··· EXCERPTED RECORDS

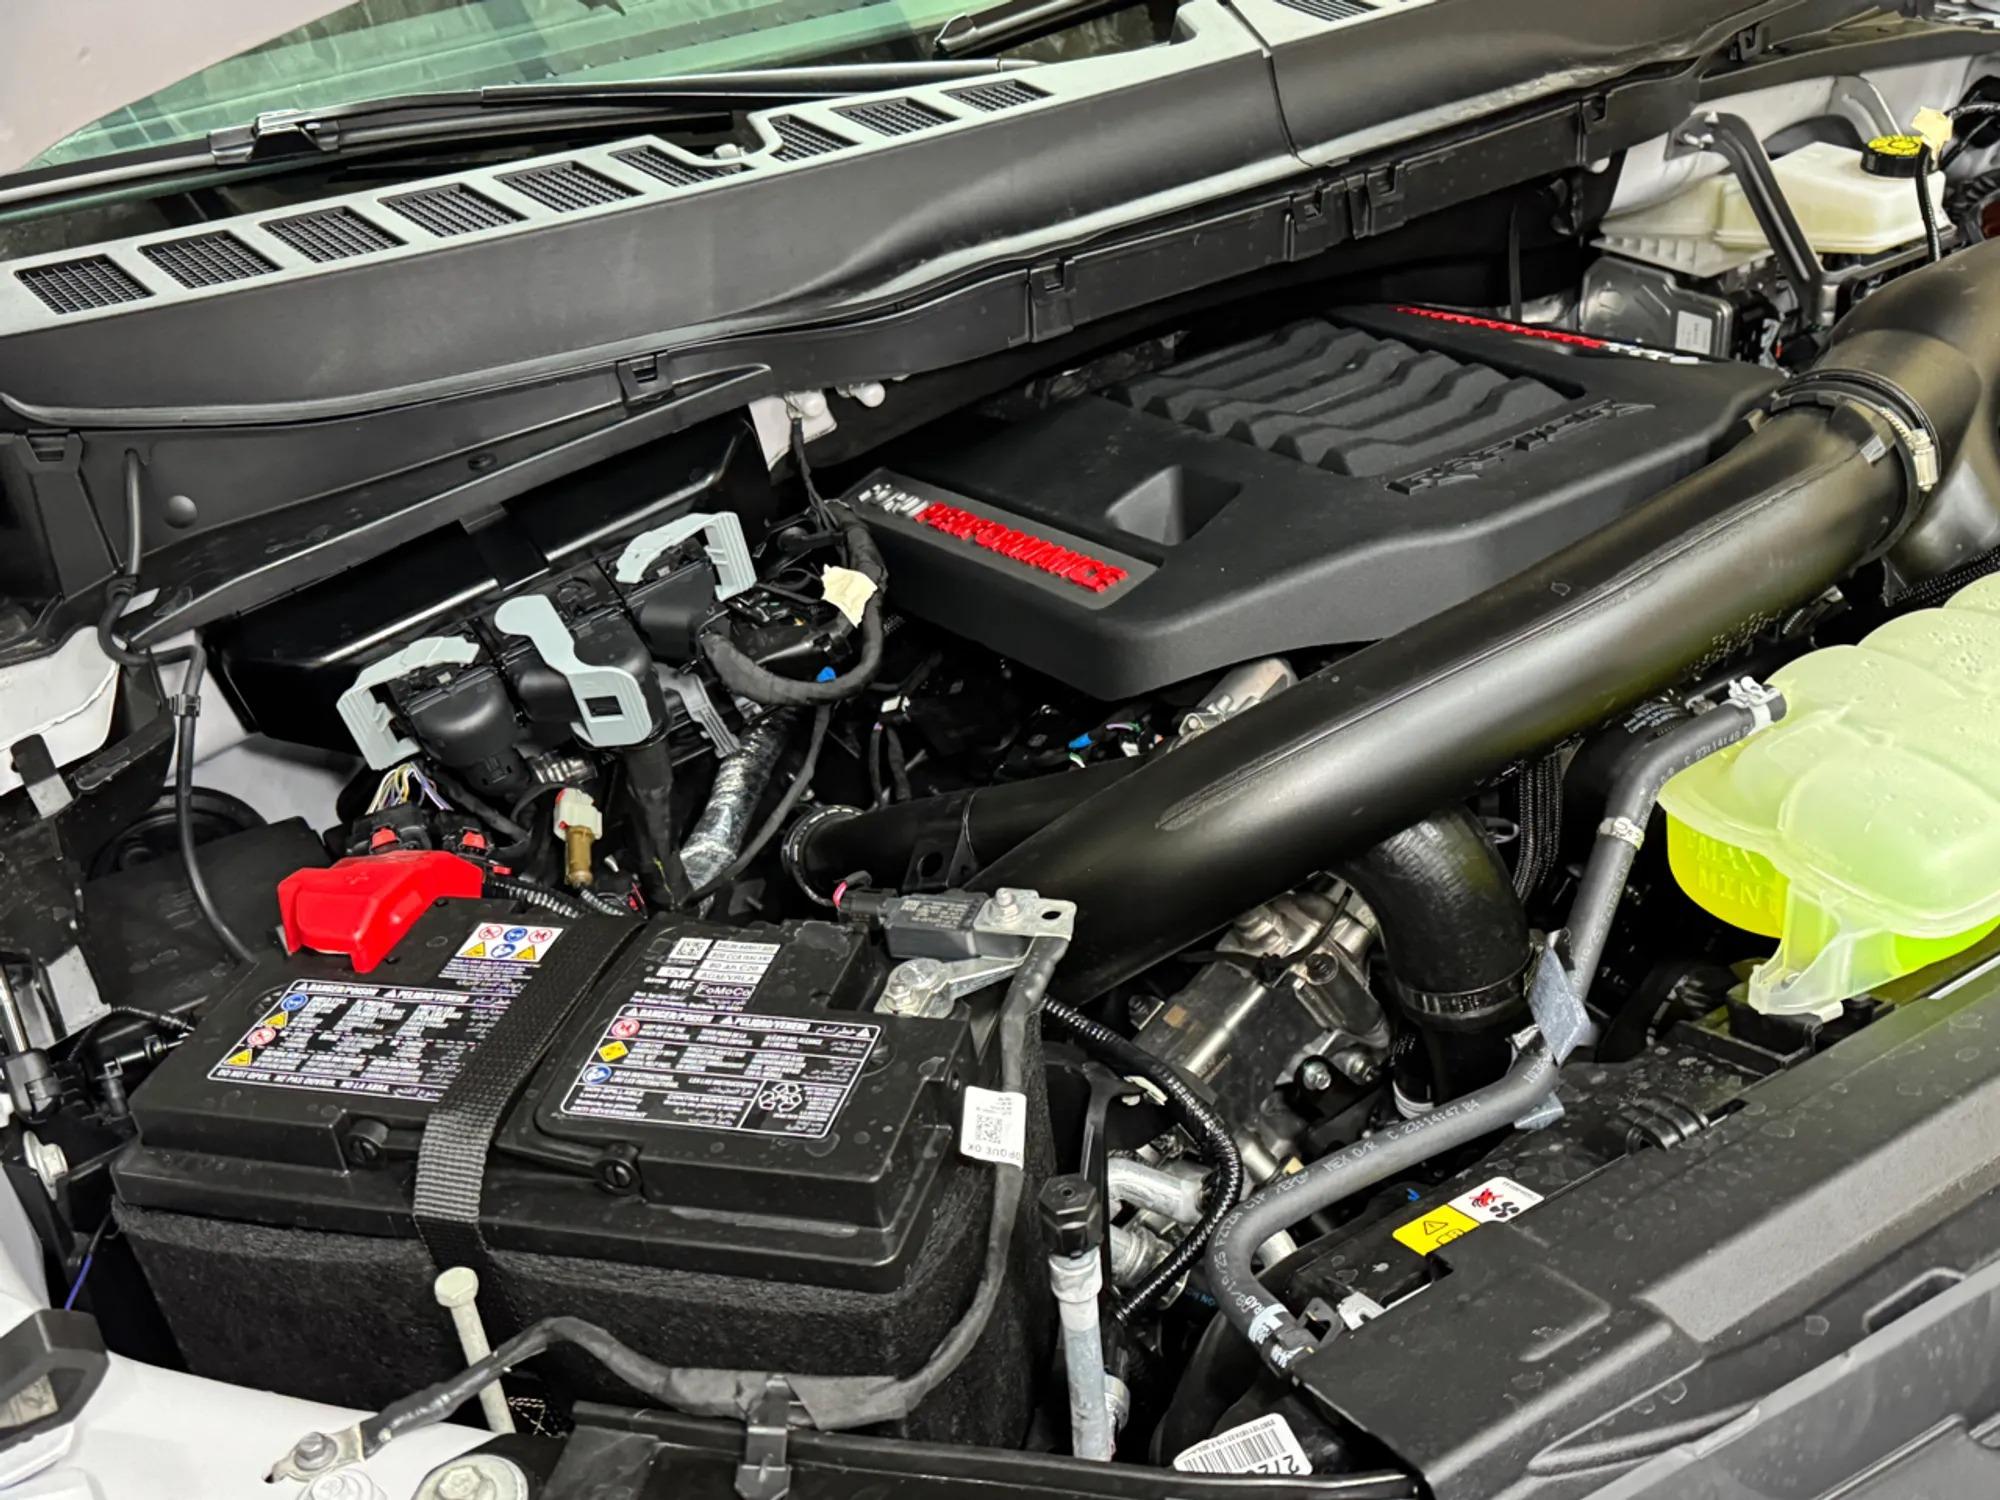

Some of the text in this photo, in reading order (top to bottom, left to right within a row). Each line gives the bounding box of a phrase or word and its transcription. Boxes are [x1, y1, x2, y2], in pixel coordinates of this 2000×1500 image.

[1698, 869, 1760, 909] MIN
[669, 980, 695, 989] MF
[698, 985, 750, 996] FoMoCo
[639, 1009, 713, 1024] DANGER/POISON
[734, 1016, 811, 1032] PELIGRO/VENENO
[228, 1070, 248, 1078] NOT
[285, 1075, 304, 1083] PAS
[339, 1080, 354, 1088] NO
[1322, 1154, 1350, 1172] MEX
[1245, 1294, 1265, 1315] RAD
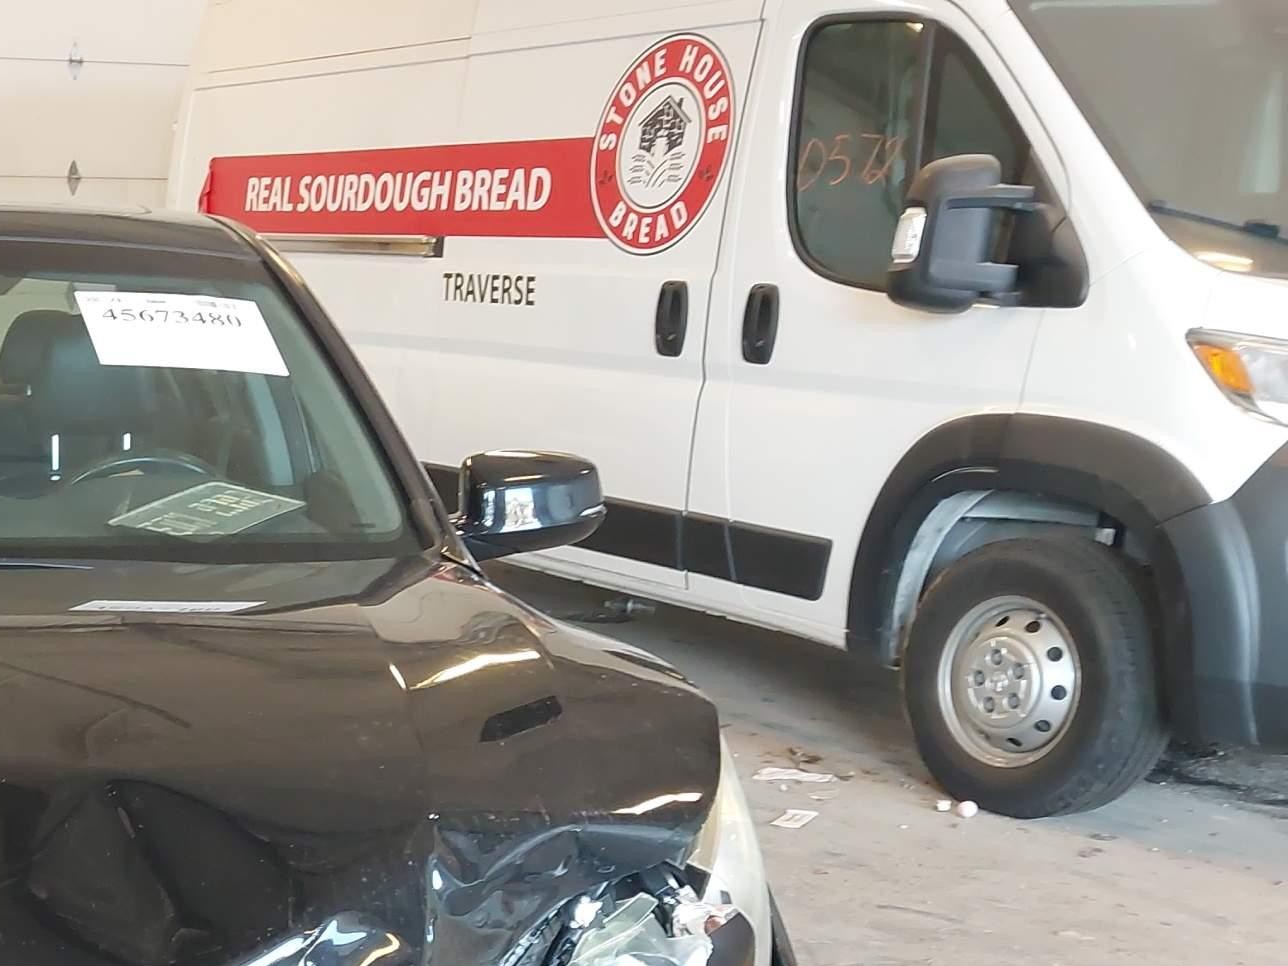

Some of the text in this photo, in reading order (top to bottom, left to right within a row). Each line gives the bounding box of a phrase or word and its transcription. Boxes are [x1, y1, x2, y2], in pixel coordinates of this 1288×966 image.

[599, 44, 729, 150] STONE HOUSE
[244, 167, 552, 213] REAL SOURDOUGH BREAD
[608, 200, 689, 243] BREAD
[443, 272, 536, 306] TRAVERSE
[102, 308, 242, 328] 45673480

······

§ WORK TO COMPLETE
An exact, image-free transcript of the material is required.

§ OUTPUT
Some of the text in this photo, in reading order (top to bottom, left to right within a row). Each line gives the bounding box of a phrase or word and its transcription. Boxes are [x1, y1, x2, y2], in pixel coordinates of this 2000×1500 image.

[1698, 869, 1760, 909] MIN
[669, 980, 695, 989] MF
[698, 985, 750, 996] FoMoCo
[639, 1009, 713, 1024] DANGER/POISON
[734, 1016, 811, 1032] PELIGRO/VENENO
[228, 1070, 248, 1078] NOT
[285, 1075, 304, 1083] PAS
[339, 1080, 354, 1088] NO
[1322, 1154, 1350, 1172] MEX
[1245, 1294, 1265, 1315] RAD

Some of the text in this photo, in reading order (top to bottom, left to right within a row). Each line gives the bounding box of a phrase or word and its transcription. Boxes are [x1, y1, x2, y2], in pixel coordinates of this 1288×966 image.

[599, 44, 729, 150] STONE HOUSE
[244, 167, 552, 213] REAL SOURDOUGH BREAD
[608, 200, 689, 243] BREAD
[443, 272, 536, 306] TRAVERSE
[102, 308, 242, 328] 45673480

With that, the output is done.